A shadow on the Games
As host country for the 2008 Olympic summer games, China is understandably anxious about foreign perceptions of the country. This concern is behind its cull of house cats, razing of slums and efforts to improve air quality in Beijing. But its more immediate concern has to be its shameful human rights record. With the Olympic Games only a few months away, the carefully constructed artifice of internal harmony has come crashing down as its security forces in Tibet give the world a reminder of the sad truth.

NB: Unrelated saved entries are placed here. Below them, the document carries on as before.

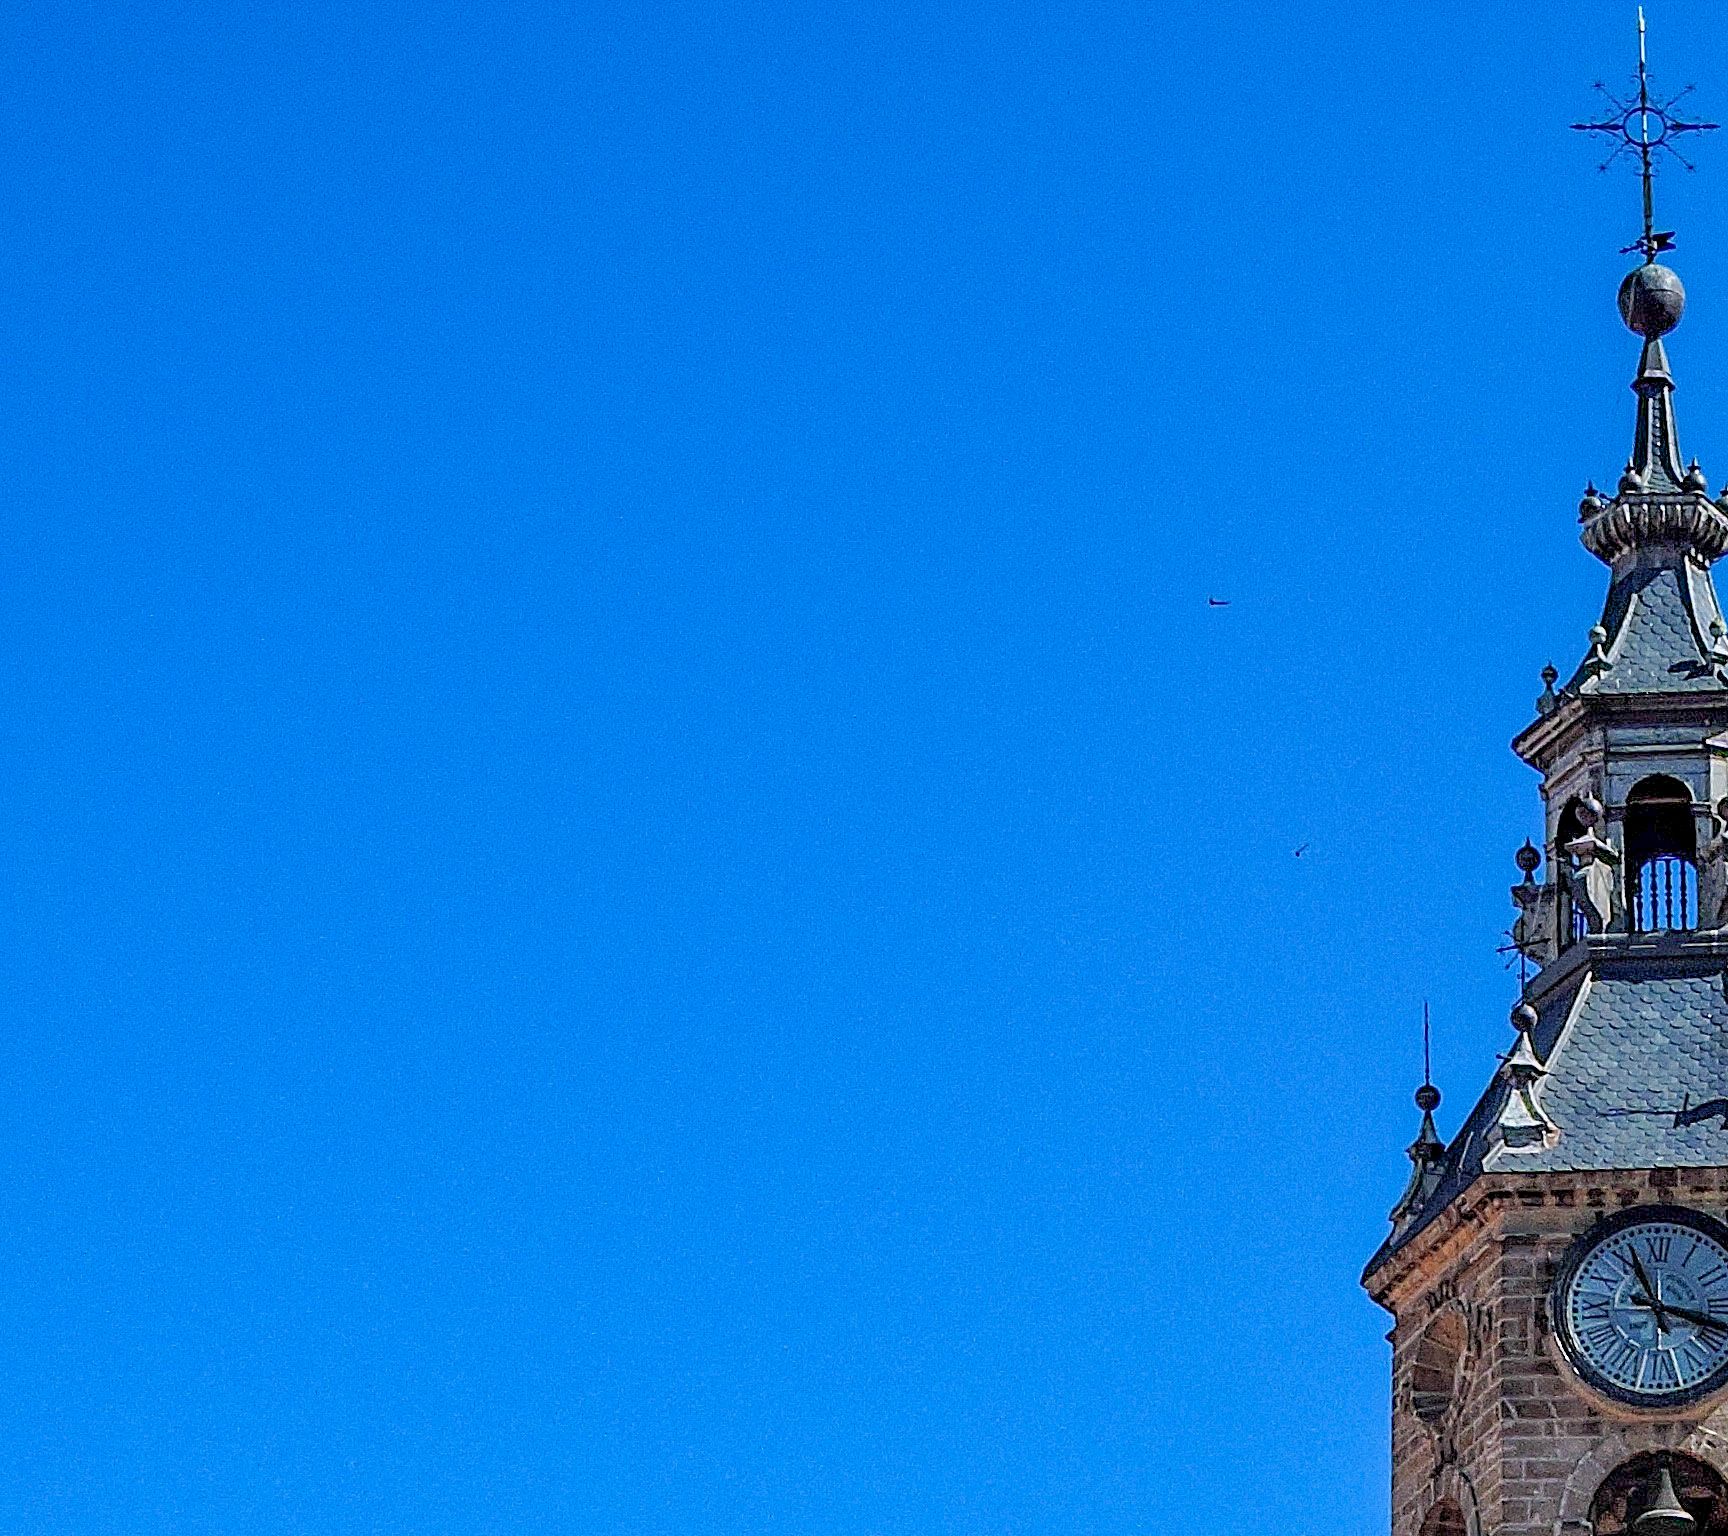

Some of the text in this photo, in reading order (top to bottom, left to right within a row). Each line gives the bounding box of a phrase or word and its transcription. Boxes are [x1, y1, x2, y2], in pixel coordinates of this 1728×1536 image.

[1645, 1236, 1671, 1263] XII
[1681, 1243, 1697, 1268] I
[1589, 1267, 1619, 1291] X
[1697, 1264, 1727, 1288] II
[1581, 1298, 1610, 1321] IX
[1651, 1352, 1675, 1380] VI
[1682, 1346, 1704, 1372] V

Despite efforts by China to clamp down on events in Lhasa, the Tibetan capital, where protesters took to the streets to defy China's occupation, eyewitnesses are providing accounts of violent repression, of monks being beaten, of Tibetans being shot near the Ramoche Monastery, and of large-scale movements of uniformed Red Army troops. China's functionaries responded entirely predictably to the challenge to their rule, blaming the Dalai Lama and his adherents of “masterminding” the uprising. The Dalai Lama, however, had issued a statement exhorting his followers not to resort to violence. The Nobel Peace Prize recipient has long sought dialogue with Beijing. Is this really the best that China's propagandists can do?
China's hypersensitivity to foreign attitudes toward its occupation of Tibet is well known. The country threatens grave economic consequences when foreign leaders meet with the Dalai Lama, and even moved to censor foreign performers after Björk shouted “Tibet! Tibet!” after her song Declare Independence at a recent concert in Shanghai. Officials complained that Björk “broke Chinese law and hurt Chinese people's feelings.”

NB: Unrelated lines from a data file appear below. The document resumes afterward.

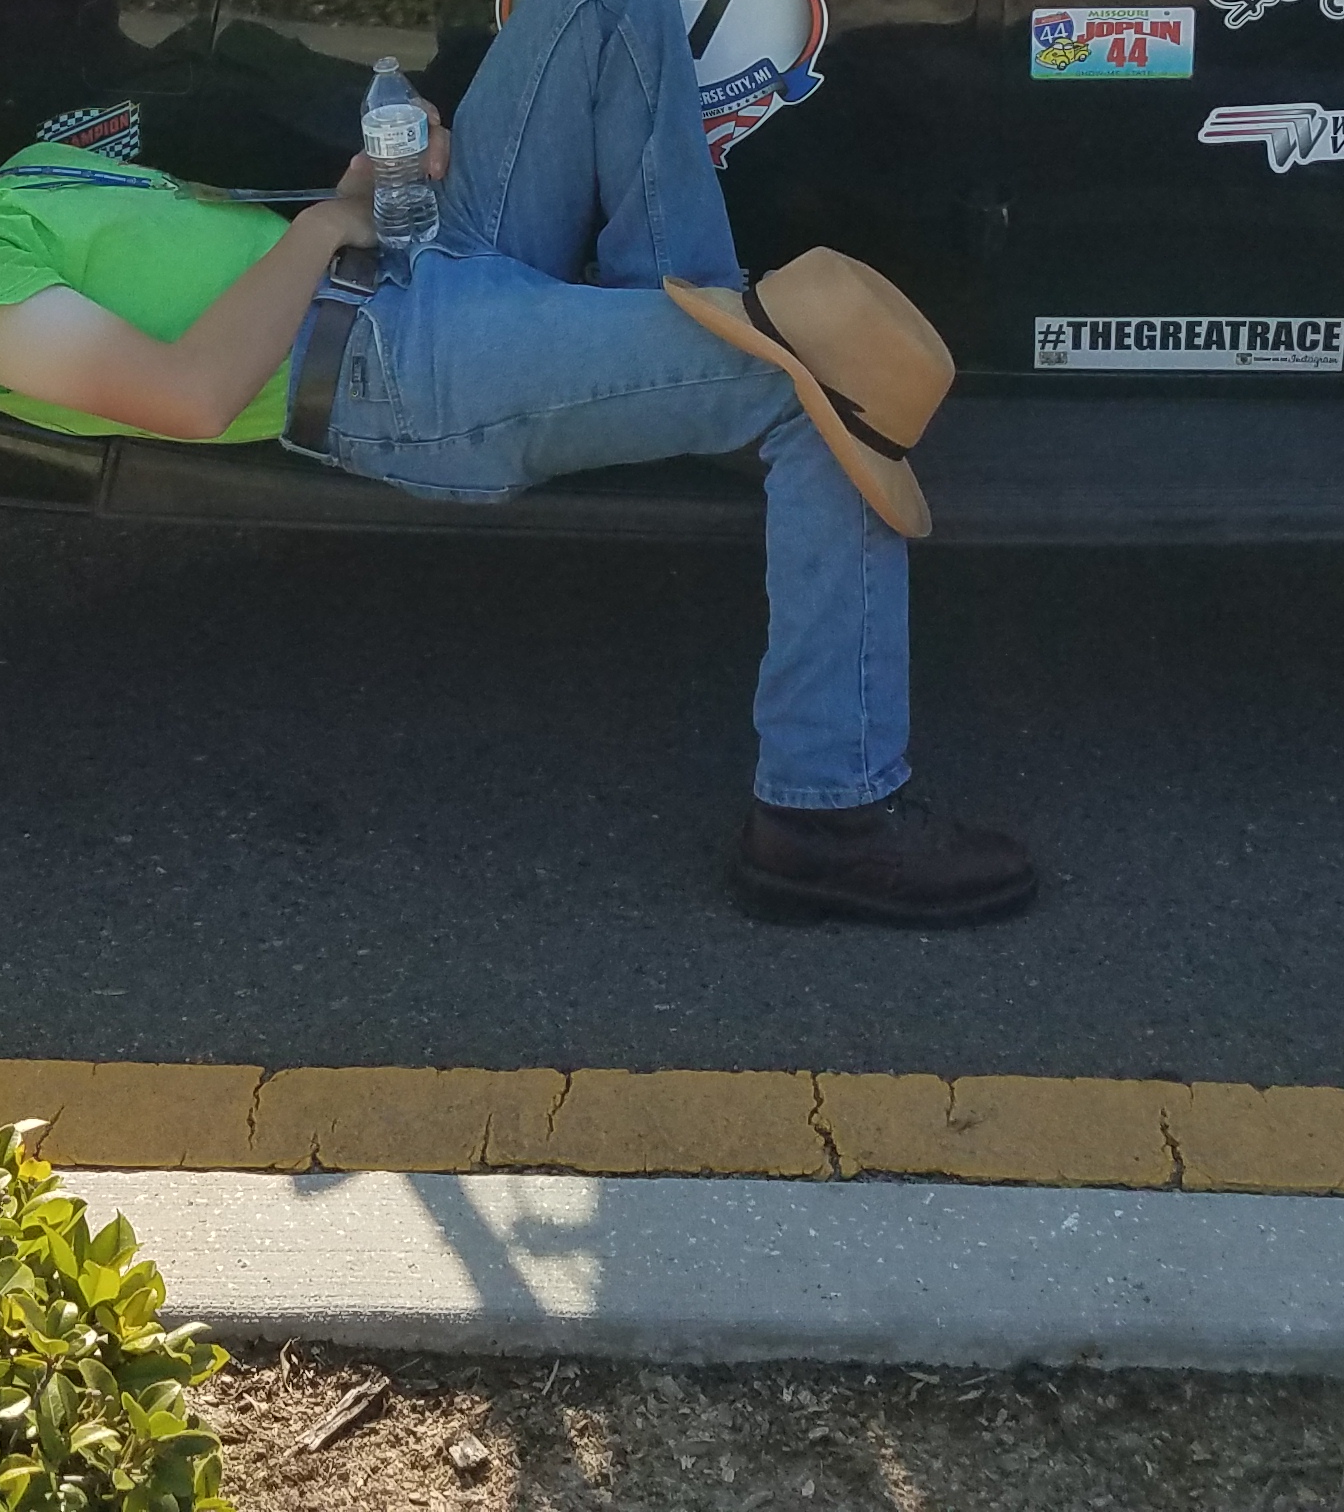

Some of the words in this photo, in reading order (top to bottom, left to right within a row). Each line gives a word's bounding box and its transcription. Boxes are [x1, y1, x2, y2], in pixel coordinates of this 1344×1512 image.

[1087, 9, 1150, 19] MISSOURI
[1040, 22, 1069, 44] 44
[1076, 21, 1182, 46] JOPLIN
[1106, 37, 1149, 68] 44
[725, 75, 756, 97] CITY,
[752, 66, 773, 85] MI
[64, 111, 130, 148] AMPION
[1037, 320, 1343, 352] #THEGREATRACE
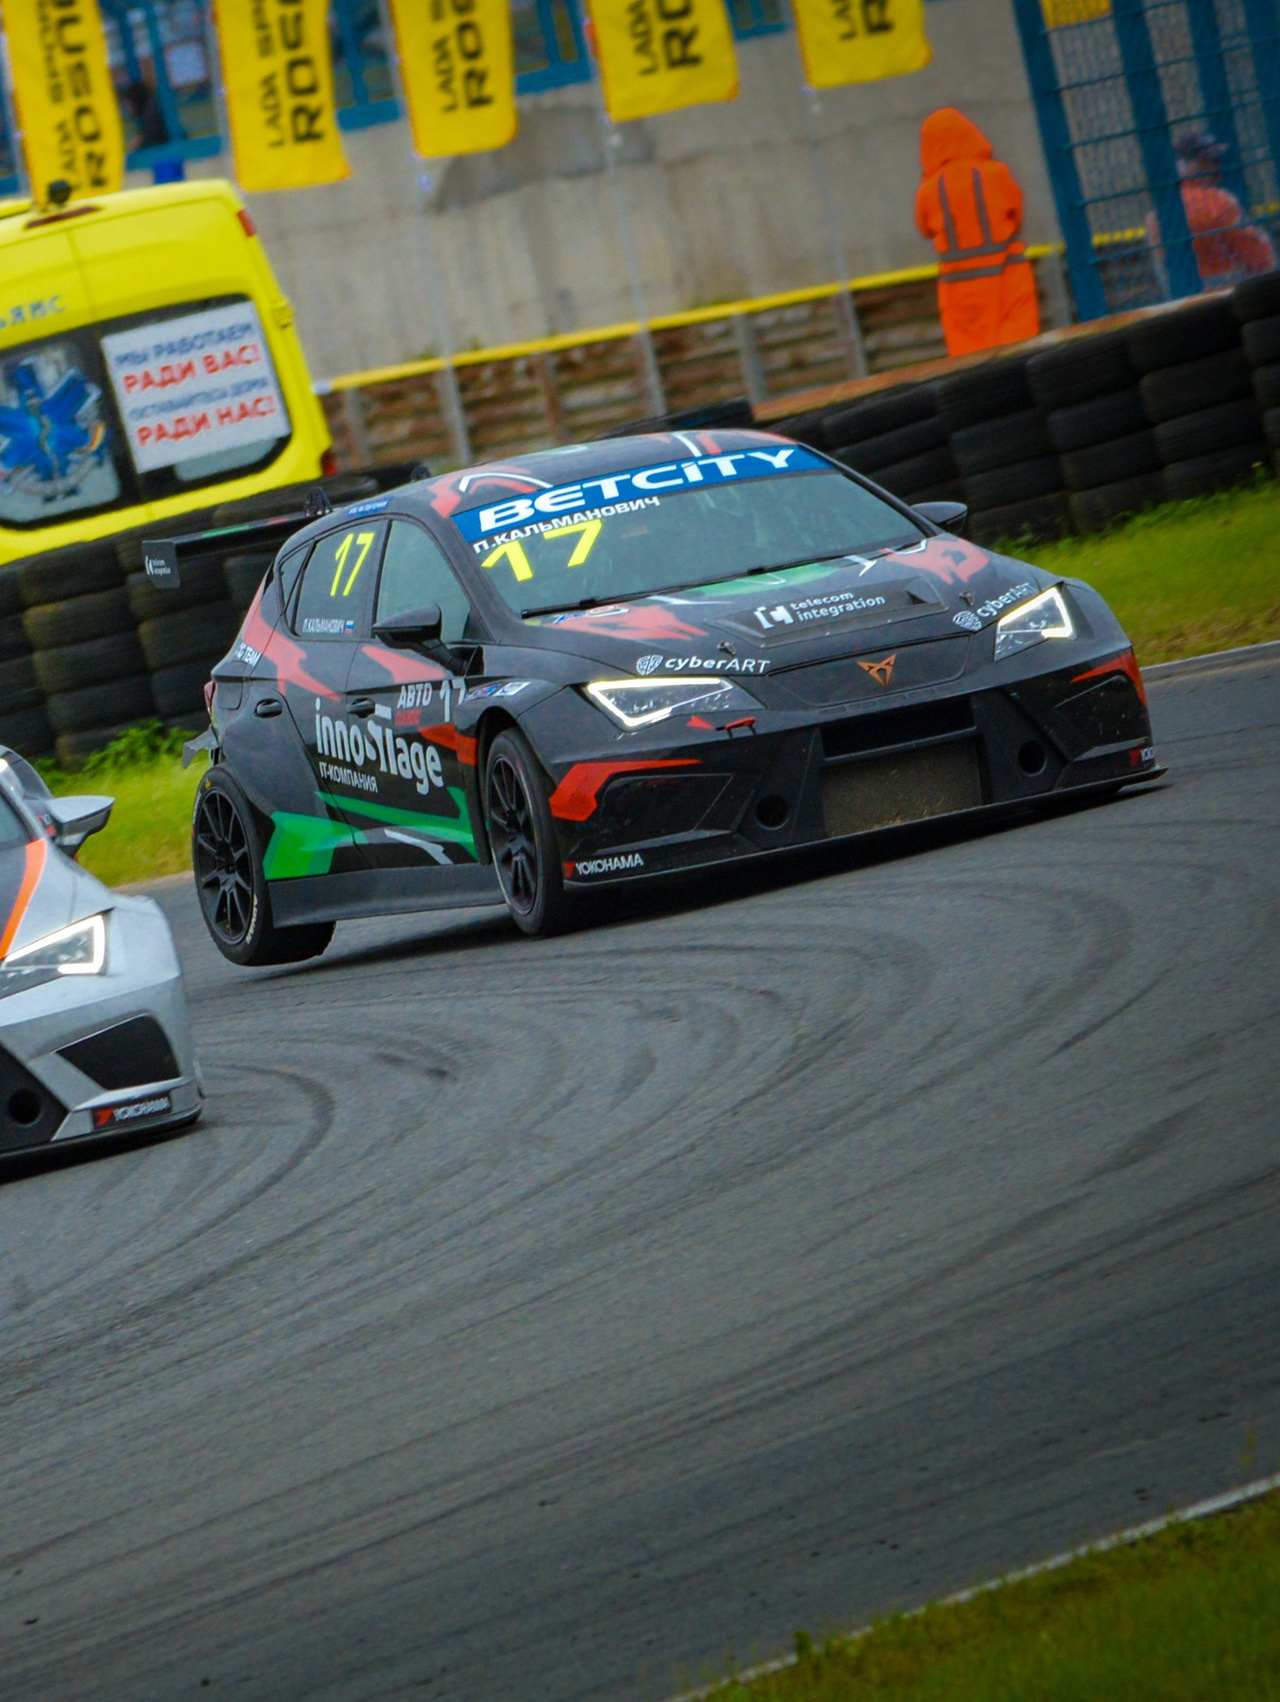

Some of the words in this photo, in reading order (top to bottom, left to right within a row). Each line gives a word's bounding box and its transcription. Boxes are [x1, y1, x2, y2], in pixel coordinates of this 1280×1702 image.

The Beijing Olympic Games motto is inspiring: “One world one dream.” The human tragedy of the last days and hours and the cultural tragedy of the last five decades in Tibet serves to remind us all just how elusive is the dream for the Tibetans, and indeed for the people of China itself. Tibetans' fight to preserve their culture, and their faith, should be remembered by the throngs of sports enthusiasts when they come to Beijing. Some might even be inspired by Björk's example. Independence may be out of reach, but a call for justice and human rights is no insult to China.